3. Nobel Laureate John Jumper Leaves DeepMind for Anthropic
In one of the most significant talent moves in recent AI history, Nobel Prize-winning chemist and computer scientist John Jumper announced he is leaving Google DeepMind after nearly nine years to join rival Anthropic. Jumper shared the 2024 Nobel Prize in Chemistry for his work on AlphaFold, the protein-folding breakthrough that transformed computational biology and opened new frontiers in drug discovery. At DeepMind, Jumper had also been a key contributor to Google’s AI coding efforts. His departure represents a major loss for Google’s AI research division and a major coup for Anthropic, which has been aggressively recruiting top-tier research talent amid the U.S. government’s ongoing scrutiny of the company’s model releases. The move signals Anthropic’s ambitions to expand beyond its core large language model work into scientific AI — a domain DeepMind has long dominated.
4. Amazon Moves to Sell Its Own AI Chips, Directly Challenging Nvidia
Amazon Web Services is preparing its most direct challenge yet to Nvidia’s near-monopoly on AI compute. Amazon’s AI chief Peter DeSantis confirmed that AWS is in early talks with potential customers about selling its custom Trainium AI chips for use in other companies’ data centers. Until now, Trainium processors were used exclusively within Amazon’s own infrastructure to power AWS AI services. By selling the chips directly, Amazon would position itself as a merchant silicon supplier — much as Nvidia does today — giving enterprises an alternative to the H100 and B200 GPUs that currently dominate the market. The move could reshape the economics of AI infrastructure, offering cloud customers a path to reduce their reliance on Nvidia while keeping more of their compute spend within the Amazon ecosystem.

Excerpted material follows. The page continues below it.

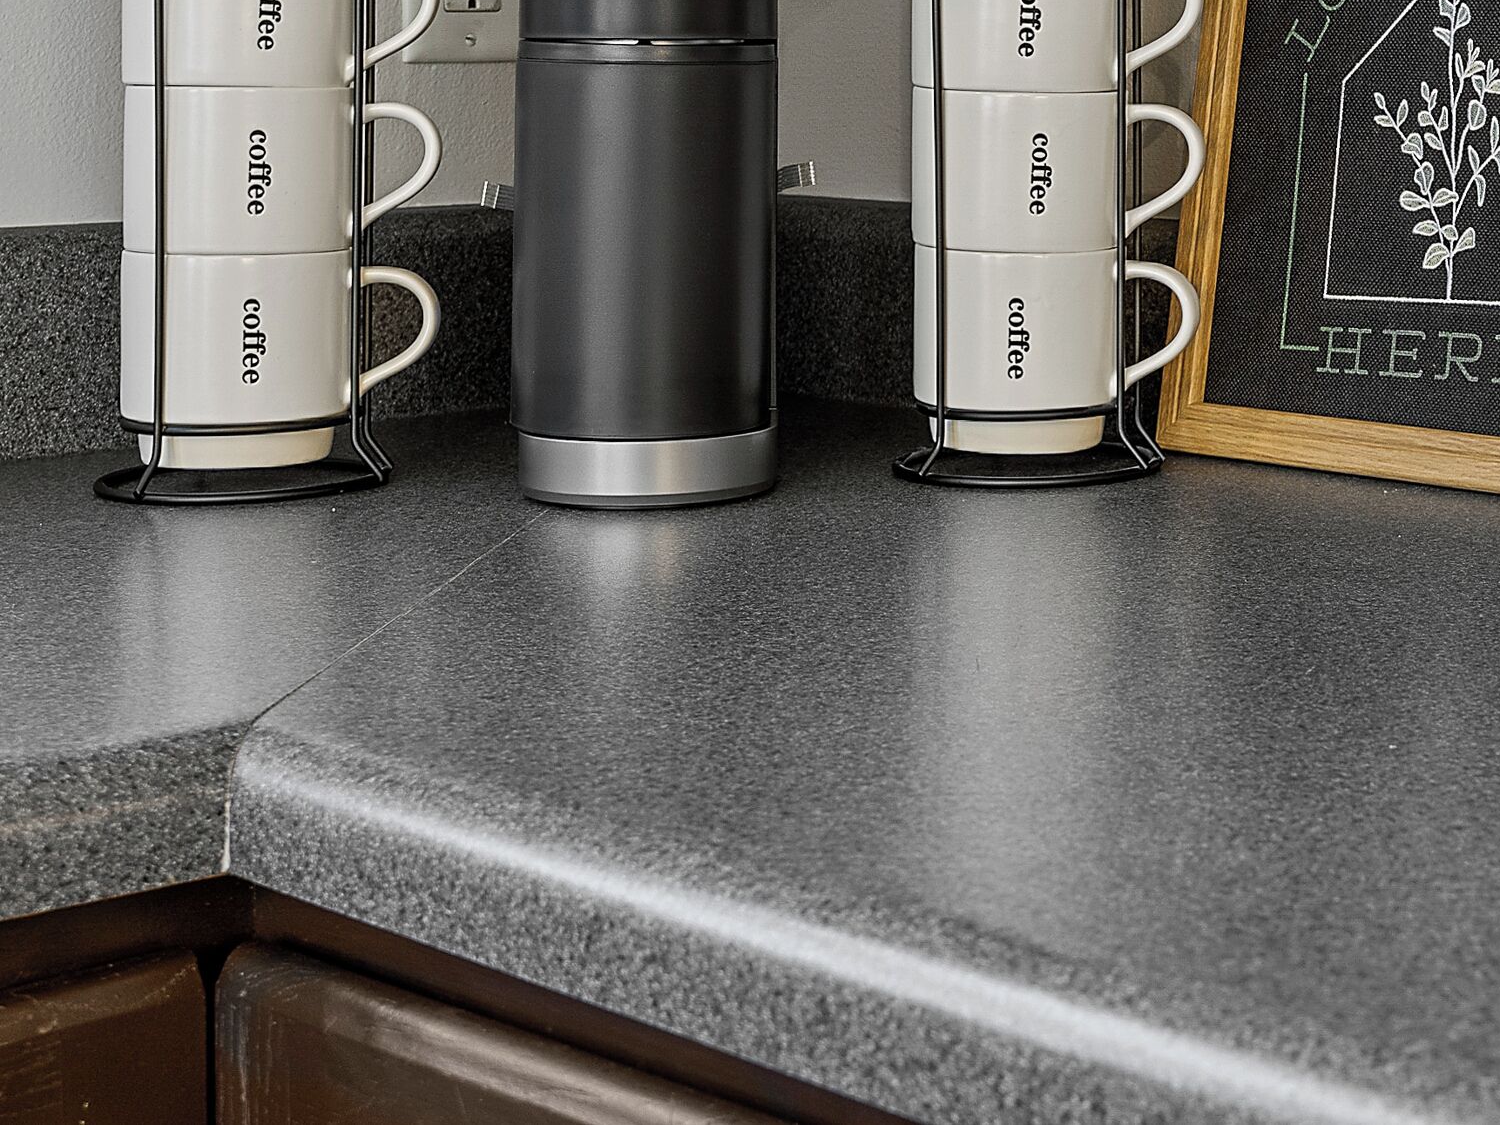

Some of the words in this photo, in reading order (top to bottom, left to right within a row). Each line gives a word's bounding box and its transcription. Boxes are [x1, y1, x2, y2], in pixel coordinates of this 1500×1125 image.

[246, 129, 272, 215] coffee
[1029, 132, 1053, 215] coffee
[241, 298, 267, 384] coffee
[1007, 297, 1030, 380] coffee

5. FERC Mandates Fast Lane for AI Data Center Grid Connections
The Federal Energy Regulatory Commission (FERC) issued a series of orders directing U.S. grid operators to create an interconnection fast lane specifically for AI data centers. The ruling aims to address the growing bottleneck in connecting compute facilities to the power grid — a problem that has delayed the buildout of new AI infrastructure across the country. While the fast lane expedites regulatory paperwork and queue jumping for interconnection requests, critics note that the order does not address the underlying electricity supply shortages that threaten to constrain AI expansion. The ruling comes alongside a broader push by the Trump administration to accelerate permitting for data center infrastructure, reflecting Washington’s recognition that AI compute capacity has become a matter of national strategic importance.
Together, these five stories paint a picture of an industry in rapid, sometimes chaotic, transformation — where talent, capital, compute, and regulatory power are all being reshuffled at once. The only certainty is that the pace of change shows no signs of slowing down.